Дядю Игната удерживало от возвращения и другое: выгода службы на путевой будке вблизи большого города и рыночные интересы жены, очень практичной и бойкой казачки.
К середине лета надежды братьев на лучшее заметно потускнели. Было ясно: ждать от новой власти облегчения своей участи бесполезно. В станицах и хуторах все оставалось по-старому. Отношения отца с хуторским гражданским комитетом после первых попыток найти у его членов справедливое удовлетворение своих нужд становились с каждым днем все более неприязненными.
Каждую весну в Адабашеве отец привык сажать огород и бахчу на предоставленном ему тавричанами за скромную арендную плату небольшом — шириной в две-три сажени — клочке земли. Тавричане ссужали отца землей под бахчу охотно, помня, как тот почти задаром ухаживал за их пчелами.
В казачьем хуторе даже этой поблажки не стало. Чтобы получить маленькую делянку или леваду под овощи, надо было идти к атаману, а теперь и в гражданский комитет, к землевладельцу-арендатору и униженно просить, чтобы тот на свой выбор за произвольную и довольно высокую плату предоставил право получить землю у казачьего общества. Униженные просьбы эти обычно кончались отказом.
Правда, находились казаки, которые делились бахчами и огородами с иногородними, и не только делились, но и помогали вспахать собственными быками, и все это по доброму уговору, за весьма сходную плату. Чаще всего такими добрыми казаками оказывались наши соседи. Взаимопомощь между среднего достатка казаками и иногородними была нередкой на Дону и с годами входила в обыкновение.
После того как в гражданском комитете Маркиашка Бондарев глумливо отказал нам выделить участок под усадьбу, внимание отца к земельному вопросу еще более обострилось. Земля была одной из главных зацепок накипавшего протеста против несправедливости новых властей.

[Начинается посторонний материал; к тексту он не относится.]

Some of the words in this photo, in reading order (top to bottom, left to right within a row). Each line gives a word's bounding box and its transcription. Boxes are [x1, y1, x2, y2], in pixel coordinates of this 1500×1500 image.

Тем временем из хутора в хутор уже проникли слухи, что Временное правительство занимается только посулами, а на самом деле ничего для простого народа не делает, что единственно, кто может уравнять всех людей в правах и отдать землю народу, — это большевики и их глава Ленин. Ленина новые правители будто бы хотят изловить и истребить, а правду о том, как надо справедливо поделить землю, от народа скрыть, запрятать, как заколдованный клад.
Слухи о личности Ленина принимали порой самые фантастические формы. В рассказах простых людей, в том числе и отца, он рисовался то человеком великой мудрости, а сам был будто бы маленький и шустрый — вроде машиниста, то великаном с трубным голосом, а храбрости будто бы неимоверной — не брали его якобы ни пуля, ни снаряд, ни огонь, ни злая темная вода…

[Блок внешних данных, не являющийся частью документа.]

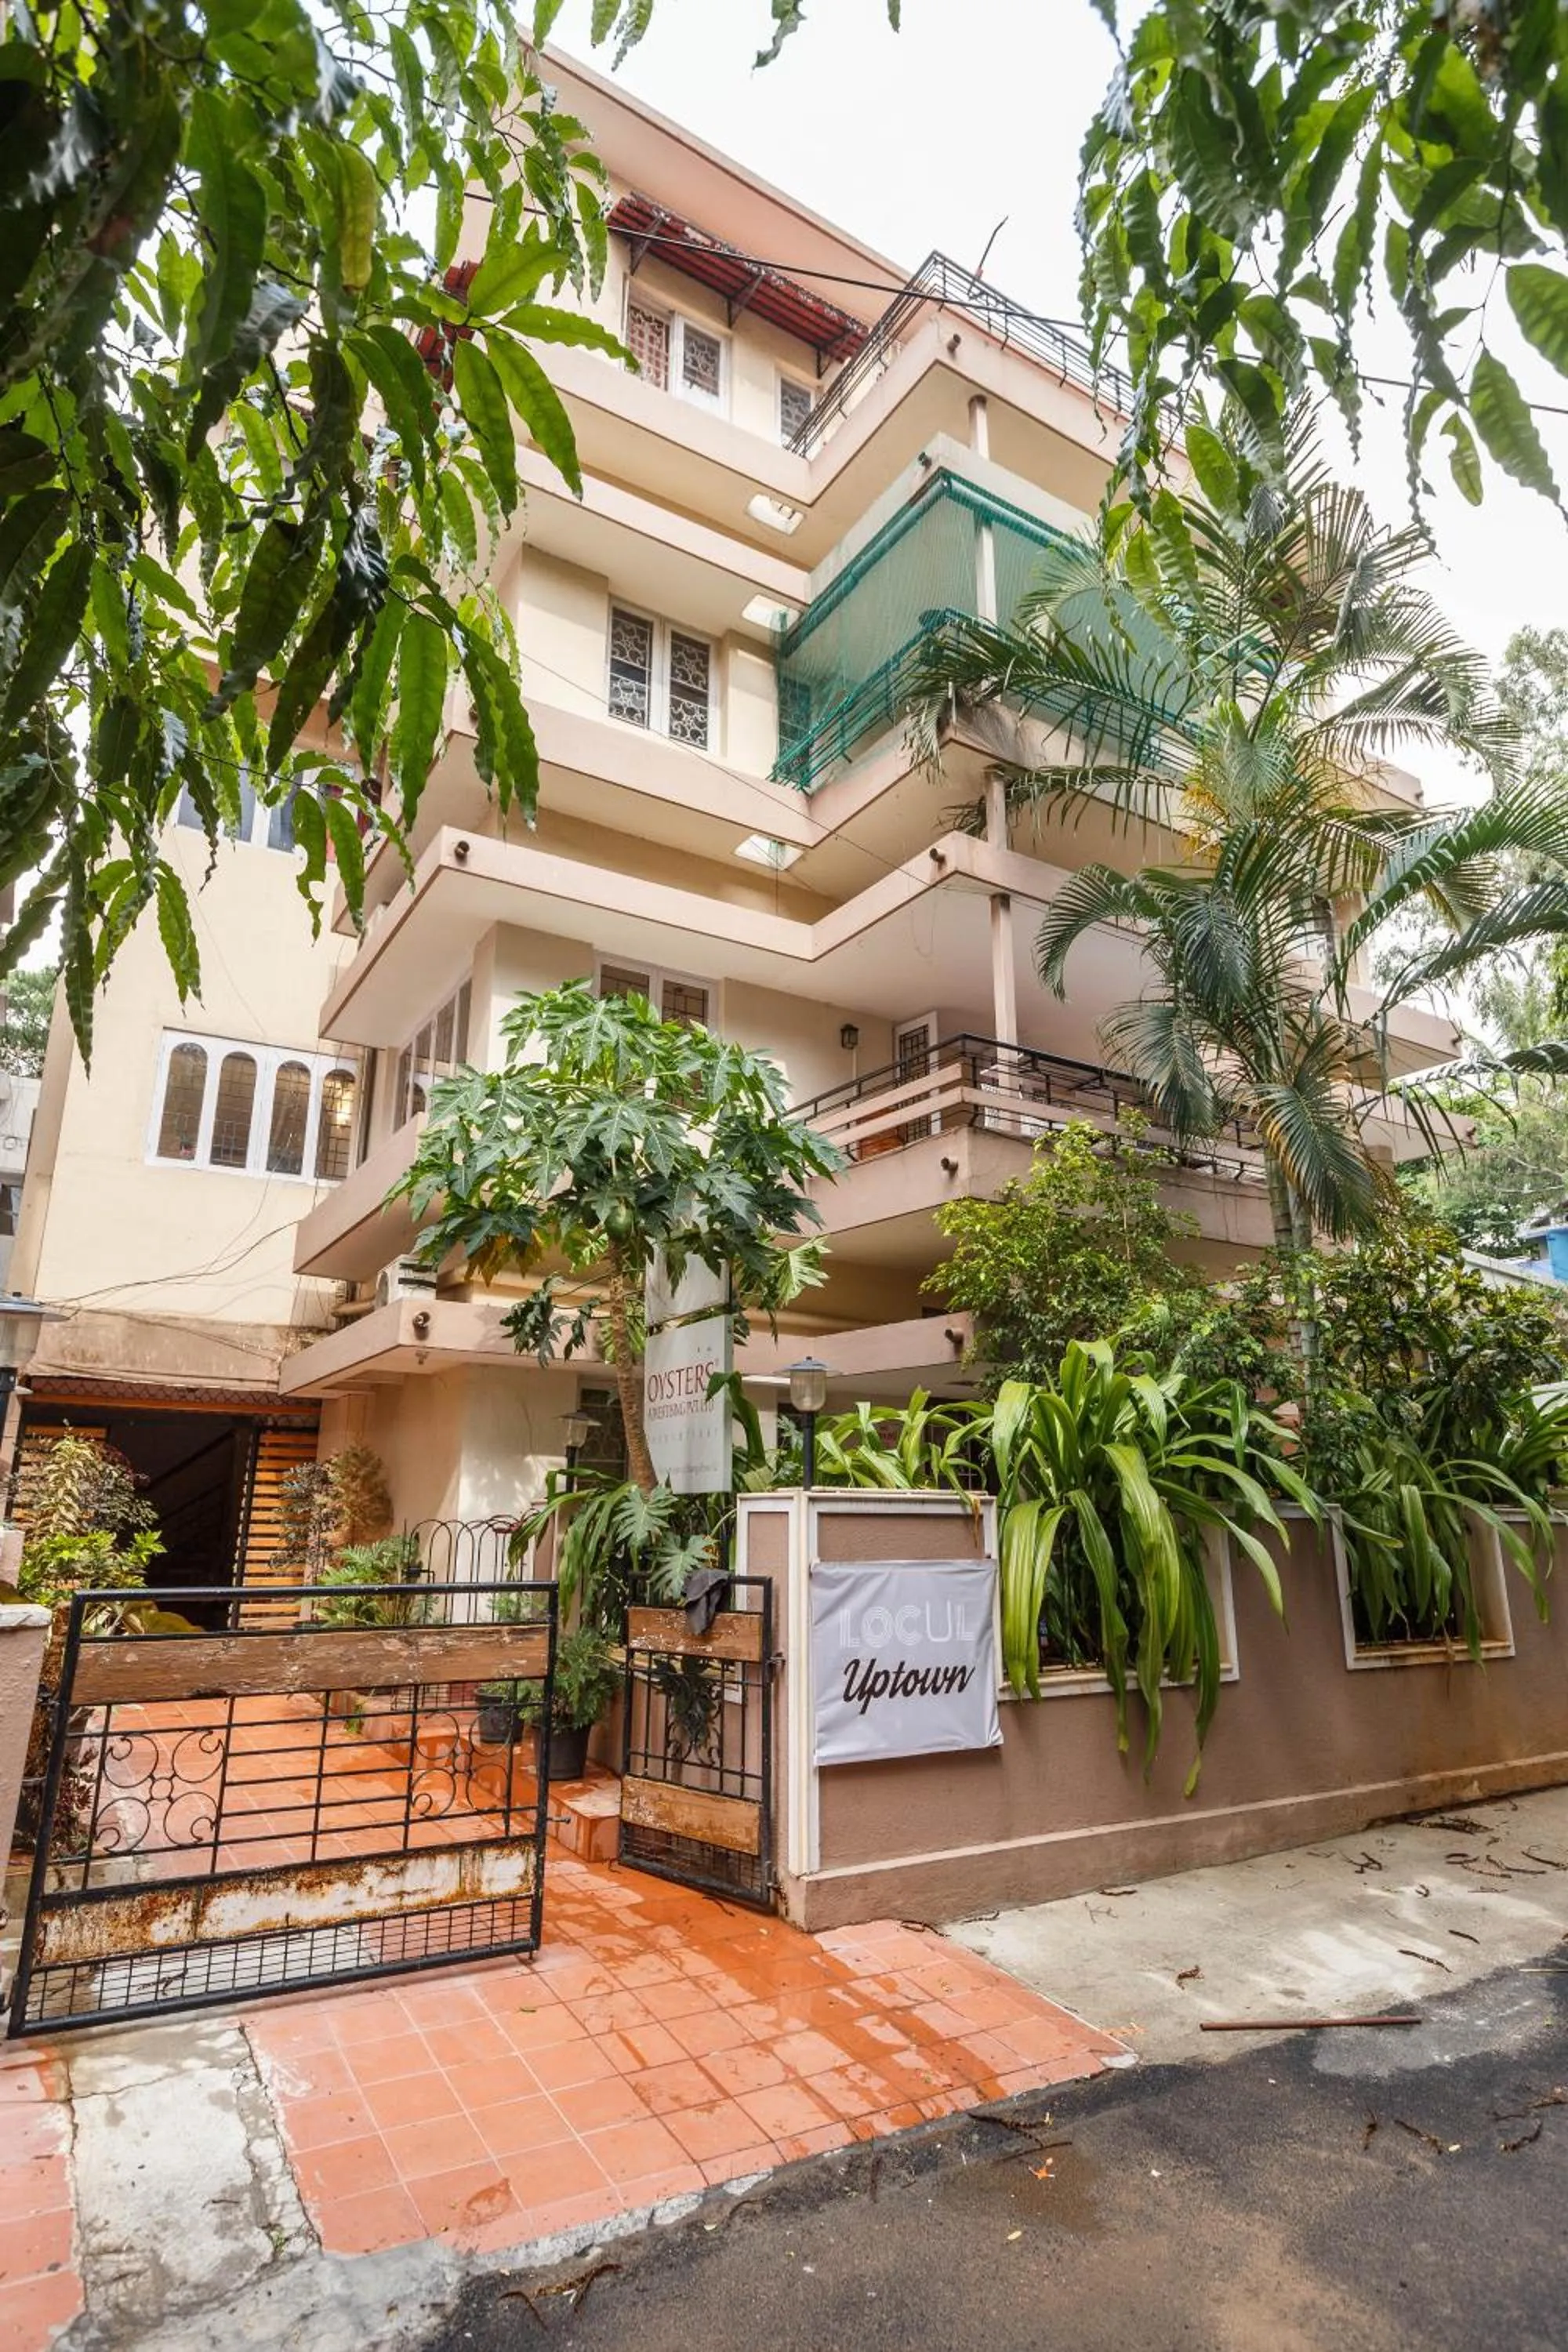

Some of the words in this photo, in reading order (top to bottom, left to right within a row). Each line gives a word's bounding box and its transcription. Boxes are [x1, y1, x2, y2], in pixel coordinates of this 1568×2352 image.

Отец рассуждал о разделе земли так, словно вопрос этот обязательно должен решиться в недалеком будущем.
Если бы я мог тогда всерьез разбираться в вопросах равноправного землепользования, сколько горьких и светлых дум я мог бы выведать у отца, сколько самых смелых надежд и планов подслушать. О них он никому не говорил, а носил их глубоко в сердце до поры до времени молча.

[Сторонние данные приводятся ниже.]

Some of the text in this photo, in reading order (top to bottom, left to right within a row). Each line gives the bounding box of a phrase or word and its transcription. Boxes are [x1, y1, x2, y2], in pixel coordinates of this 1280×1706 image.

Однажды в середине лета, в свободное от дежурства на телеграфе время, я пришел к отцу на пасеку. Наши ульи стояли на тавричанской толоке, на Белой балке, и, конечно, возле них лепились ульи нескольких компаньонов, в том числе и моего давнего недруга — Егора Павловича Пастухова. Его пасека с ульем-церковкой посреди раскрашенных игрушечных домиков нагло прижимала к склону балки ульи моего отца.
Но я удивился еще более, когда увидел сидевших у отцовского балагана бывшего нашего соседа по Адабашеву Ивана Фотиевича Соболевского и «пчеловодного короля» Косова. Я давно не видел Соболевского, он показался мне еще более разросшимся в ширину. Круглое, розовое, как кожа поросенка, лицо его сияло жизнерадостностью, добродушной хитрецой и веселой ухмылкой готового к шутке здорового человека.
Одет он был все так же — в черный бумажный жилет поверх ситцевой, навыпуск, рубахи, в широченные, вобранные в сапоги шаровары из неизносимой «чертовой кожи», а на голове, несмотря на жару, — суконная черная шляпа.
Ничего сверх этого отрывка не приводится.